1. On October 11, 2011, the Israeli government held a special meeting where a large majority (26 in favor, three against) voted in favor of the agreement with Hamas for the release of abducted IDF soldier Gilad Shalit, held in Hamas captivity without Red Cross visits since June 2006. The agreement was supported by the heads of the Israeli defense establishment, including the Chief of Staff, the head of the Israel Security Agency and the head of the Mossad.

2. Prime Minister Benjamin Netanyahu began the meeting with the announcement that an agreement had been reached which would “return Gilad Shalit to Israel alive and well.” According to an announcement, the negotiations, which were held in the past with the German mediator, were renewed in recent weeks in Cairo with Egyptian government mediation. They led to the initialing of an agreement on Thursday, October 6, and on October 11 the final agreement was signed.2

3. There was, said Netanyahu, “an inbuilt tension between the desire to bring back an abducted soldier, or citizen, and the need to maintain the security of the citizens of Israel…
The agreement I am bringing to the Government expresses the right balance between all of these considerations3 (ITIC emphasis).
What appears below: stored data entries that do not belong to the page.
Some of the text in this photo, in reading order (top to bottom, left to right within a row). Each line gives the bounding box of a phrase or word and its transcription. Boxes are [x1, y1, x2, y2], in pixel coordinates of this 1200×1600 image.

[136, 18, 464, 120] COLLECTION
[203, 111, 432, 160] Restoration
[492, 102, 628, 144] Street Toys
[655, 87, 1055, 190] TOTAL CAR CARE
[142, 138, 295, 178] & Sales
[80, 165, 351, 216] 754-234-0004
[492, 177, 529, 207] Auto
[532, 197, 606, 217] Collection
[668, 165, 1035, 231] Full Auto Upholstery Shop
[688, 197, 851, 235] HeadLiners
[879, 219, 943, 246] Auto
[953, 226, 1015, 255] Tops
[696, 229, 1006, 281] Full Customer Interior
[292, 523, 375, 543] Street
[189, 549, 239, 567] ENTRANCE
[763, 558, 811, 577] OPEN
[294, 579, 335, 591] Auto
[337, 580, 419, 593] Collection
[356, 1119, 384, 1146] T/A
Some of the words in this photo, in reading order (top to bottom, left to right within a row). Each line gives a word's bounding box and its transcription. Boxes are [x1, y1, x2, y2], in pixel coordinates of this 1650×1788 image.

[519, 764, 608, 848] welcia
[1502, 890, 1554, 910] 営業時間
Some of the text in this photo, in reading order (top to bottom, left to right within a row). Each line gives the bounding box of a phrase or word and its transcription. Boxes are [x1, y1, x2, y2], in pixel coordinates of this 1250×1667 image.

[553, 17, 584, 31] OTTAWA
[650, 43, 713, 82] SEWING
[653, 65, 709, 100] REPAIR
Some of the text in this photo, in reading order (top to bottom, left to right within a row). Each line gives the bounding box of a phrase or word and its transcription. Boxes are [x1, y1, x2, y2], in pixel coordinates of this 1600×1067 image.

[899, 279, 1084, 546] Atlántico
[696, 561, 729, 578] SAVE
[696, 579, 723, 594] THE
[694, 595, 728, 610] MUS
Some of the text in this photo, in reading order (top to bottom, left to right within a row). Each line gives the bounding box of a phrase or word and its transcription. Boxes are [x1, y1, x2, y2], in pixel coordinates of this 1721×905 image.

The government decision authorizing the agreement was based on recognition of the fact that the recent dramatic events in the Middle East opened, for a short time, a window of opportunity during which, for the first time, Hamas agreed to be more flexible than in the past. The Israeli concern was that not exploiting the opportunity might endanger Gilad Shalit’s welfare and future.

4. The Israeli newspaper Haaretz reported that David Meidan, the prime minister’s special negotiator, said that Israel had accepted Hamas’ assurances that Gilad Shalit would be restored safe and well and that his health was good (Haaretz, October 12, 2011).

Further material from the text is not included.